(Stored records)

● ● ● ● ●

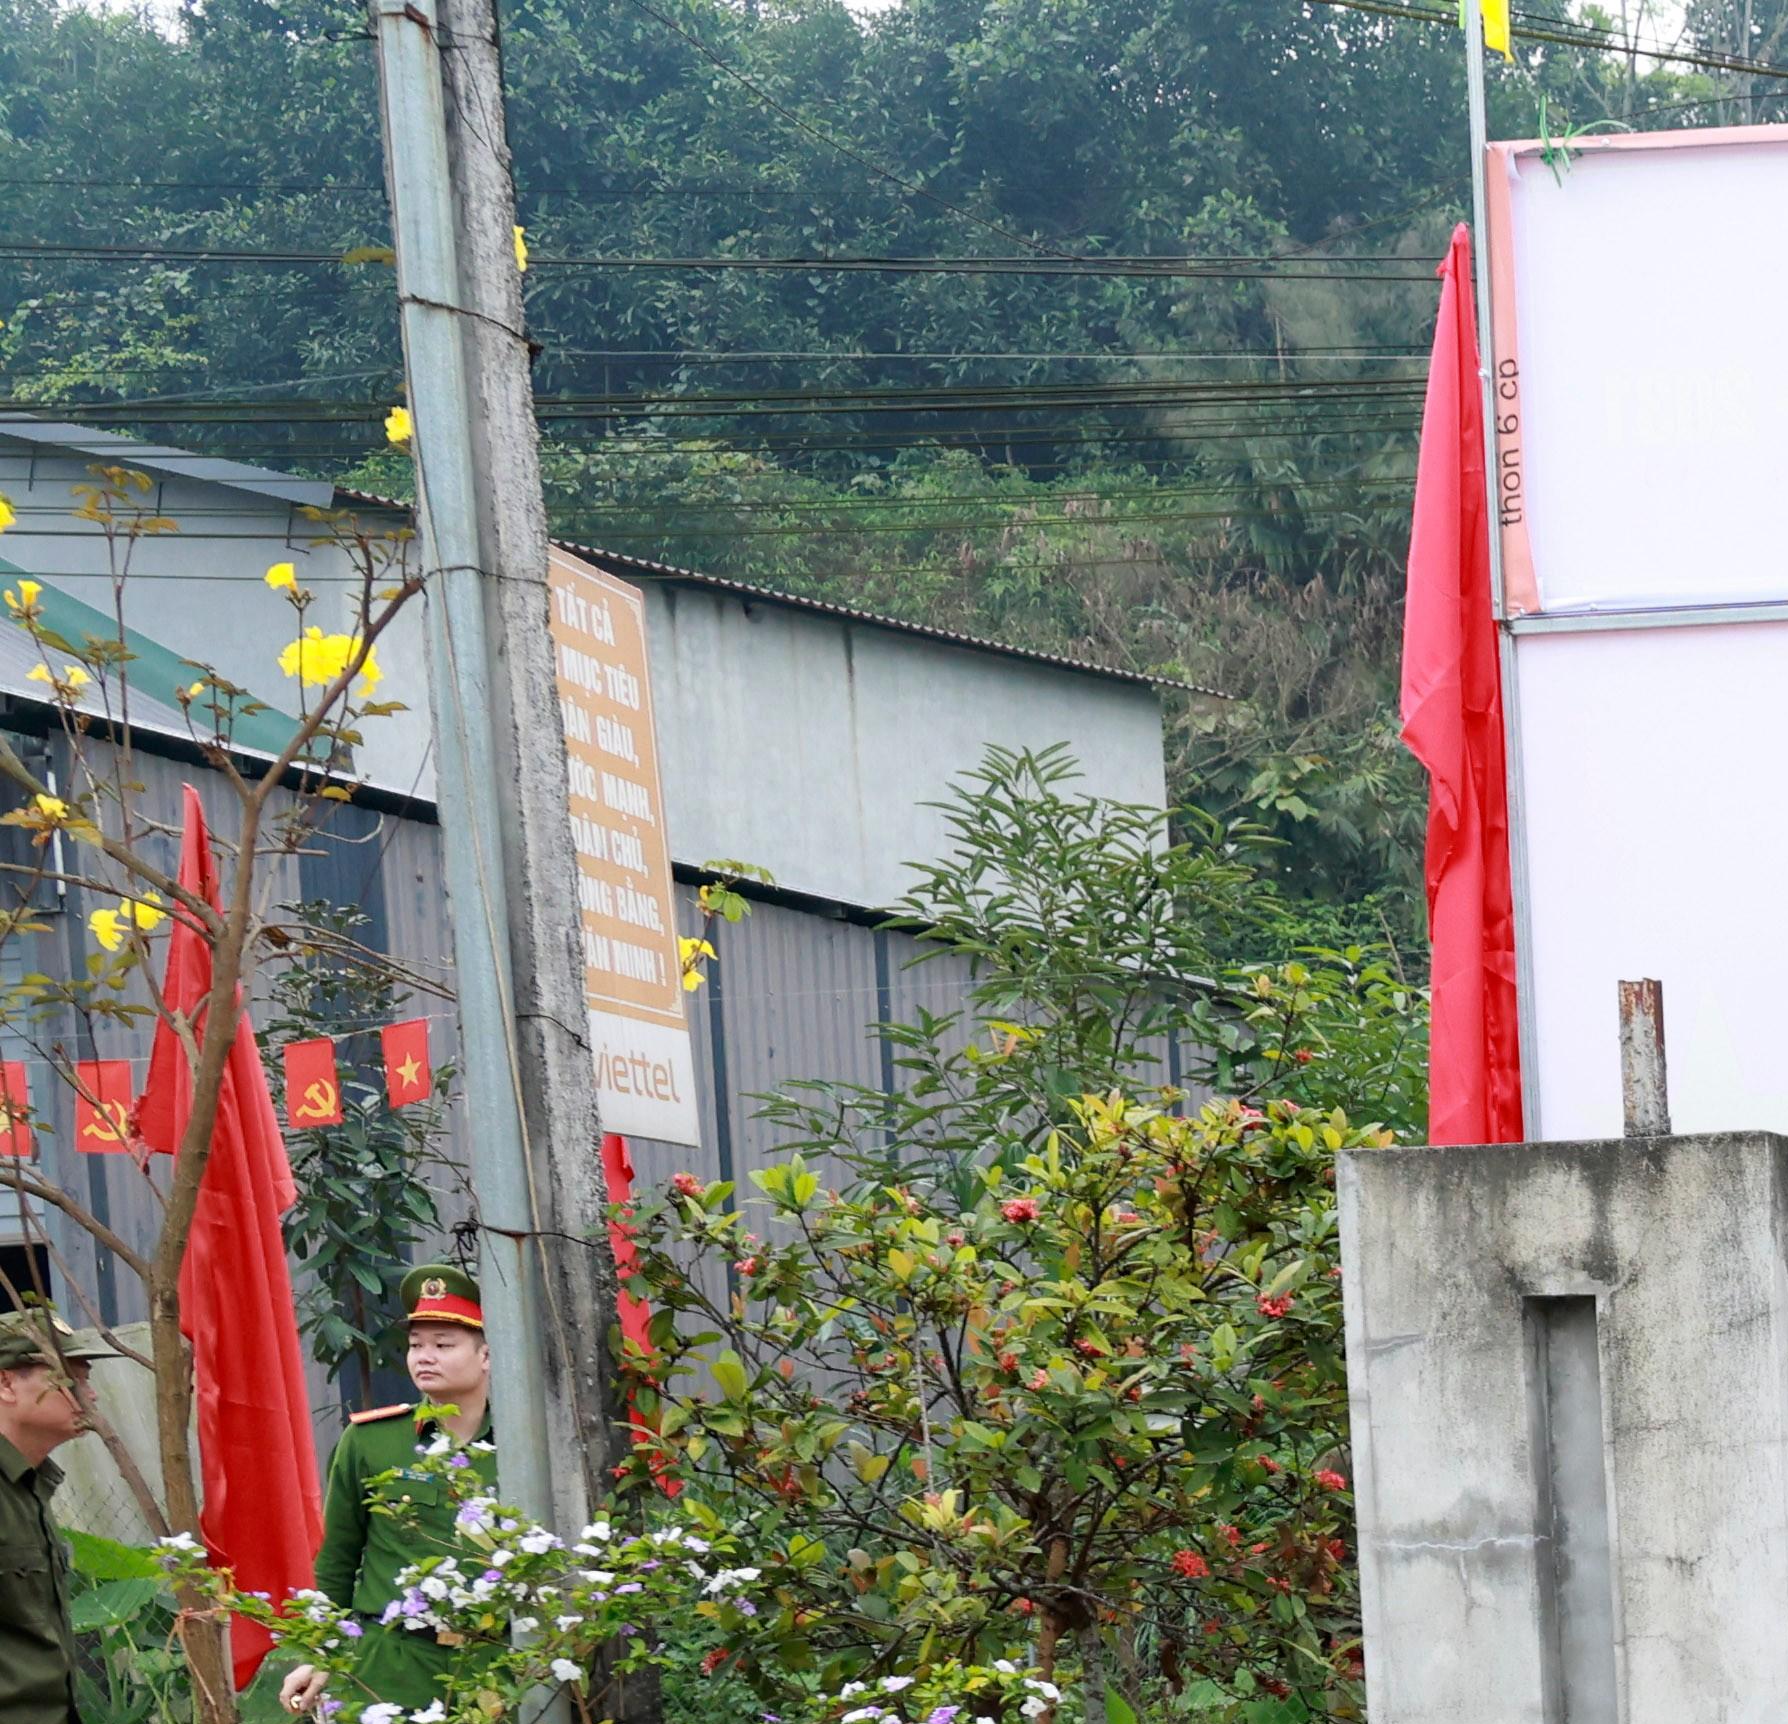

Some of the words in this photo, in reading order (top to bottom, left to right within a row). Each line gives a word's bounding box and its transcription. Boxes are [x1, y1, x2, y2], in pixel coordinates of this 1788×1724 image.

[1498, 358, 1519, 400] cp
[1497, 413, 1519, 435] 6
[1501, 448, 1522, 527] thon
[555, 582, 588, 634] TẤT
[590, 597, 616, 647] CẢ
[560, 643, 602, 697] MỤC
[603, 663, 640, 711] TIÊU
[596, 713, 640, 768] GIÀU,
[602, 771, 656, 828] MẠNH,
[611, 825, 649, 879] CHỦ,
[577, 865, 613, 918] ÔNG
[615, 875, 665, 937] BẰNG,
[580, 924, 611, 972] ĂN
[612, 938, 658, 985] MINH
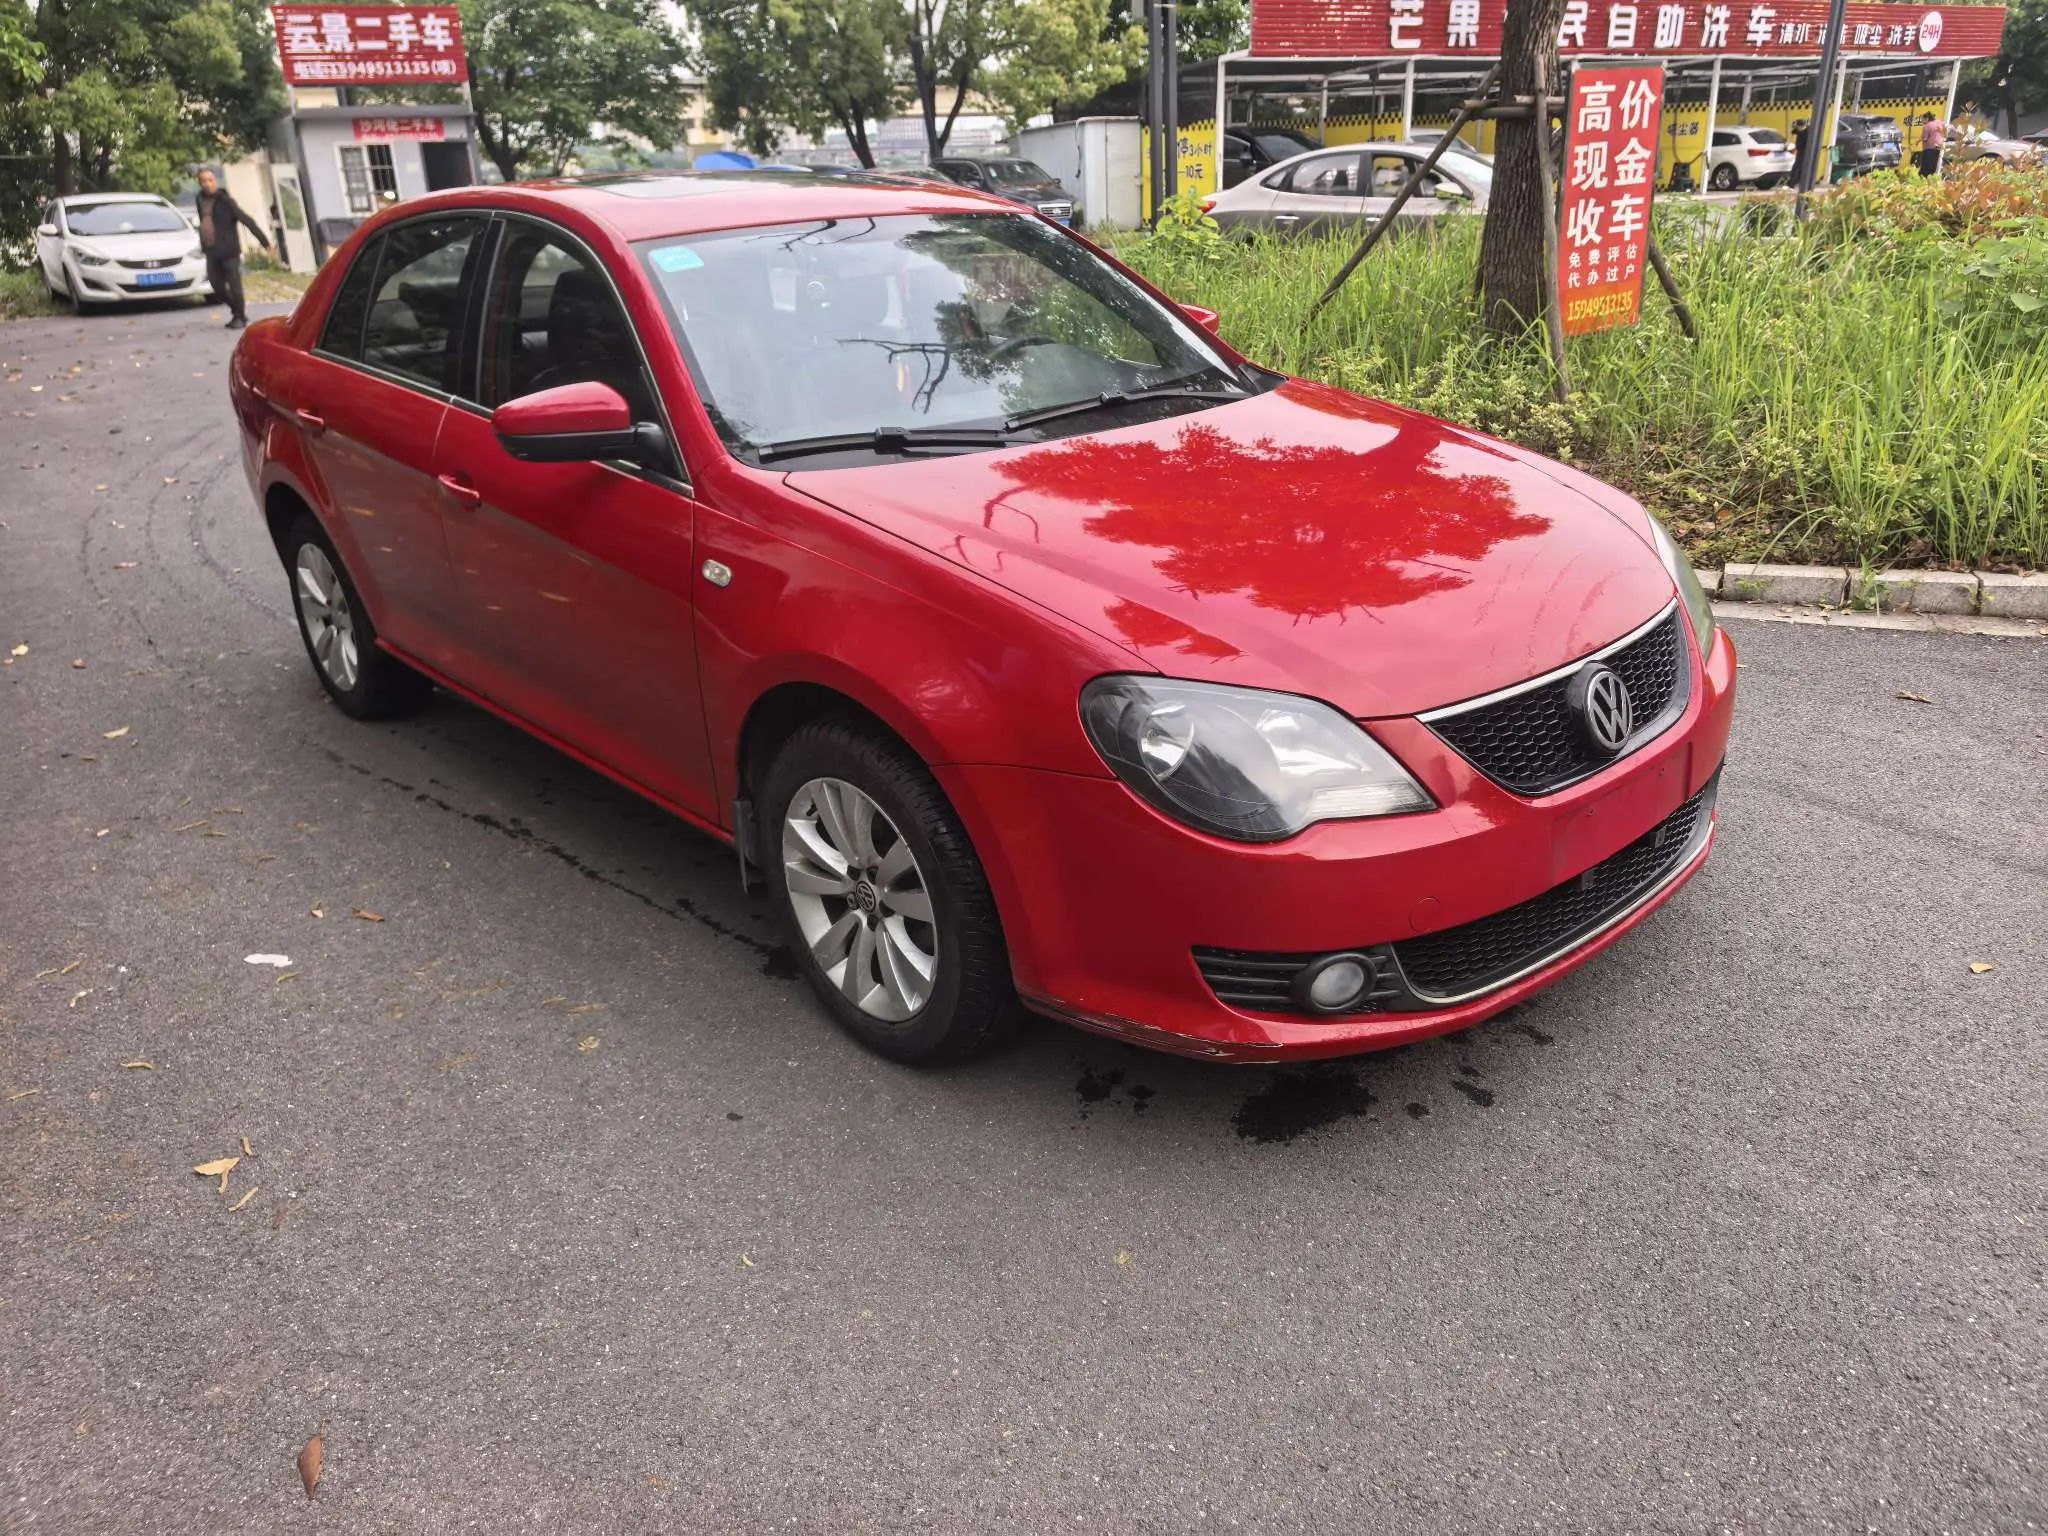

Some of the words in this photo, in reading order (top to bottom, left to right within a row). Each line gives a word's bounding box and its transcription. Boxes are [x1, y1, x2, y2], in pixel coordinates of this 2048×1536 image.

[284, 13, 453, 53] 云景二手车
[1389, 0, 1776, 48] 芒果民自助洗车
[1921, 24, 1940, 40] 24H
[1578, 79, 1657, 133] 高价
[1571, 137, 1652, 191] 现金
[1567, 193, 1645, 247] 收车
[1568, 243, 1638, 269] 免费评估
[1568, 263, 1636, 289] 代办过户
[1568, 291, 1633, 321] 15949513135

● ● ● ● ●

EXERCISE REQUIREMENTS
Print each entry exactly, leaving pictures out.

RESPONSE AREA
Some of the words in this photo, in reading order (top to bottom, left to right within a row). Each line gives a word's bounding box and its transcription. Boxes are [x1, y1, x2, y2], in pixel coordinates of this 1788×1724 image.

[1498, 358, 1519, 400] cp
[1497, 413, 1519, 435] 6
[1501, 448, 1522, 527] thon
[555, 582, 588, 634] TẤT
[590, 597, 616, 647] CẢ
[560, 643, 602, 697] MỤC
[603, 663, 640, 711] TIÊU
[596, 713, 640, 768] GIÀU,
[602, 771, 656, 828] MẠNH,
[611, 825, 649, 879] CHỦ,
[577, 865, 613, 918] ÔNG
[615, 875, 665, 937] BẰNG,
[580, 924, 611, 972] ĂN
[612, 938, 658, 985] MINH

Some of the words in this photo, in reading order (top to bottom, left to right within a row). Each line gives a word's bounding box and its transcription. Boxes are [x1, y1, x2, y2], in pixel coordinates of this 2048×1536 image.

[284, 13, 453, 53] 云景二手车
[1389, 0, 1776, 48] 芒果民自助洗车
[1921, 24, 1940, 40] 24H
[1578, 79, 1657, 133] 高价
[1571, 137, 1652, 191] 现金
[1567, 193, 1645, 247] 收车
[1568, 243, 1638, 269] 免费评估
[1568, 263, 1636, 289] 代办过户
[1568, 291, 1633, 321] 15949513135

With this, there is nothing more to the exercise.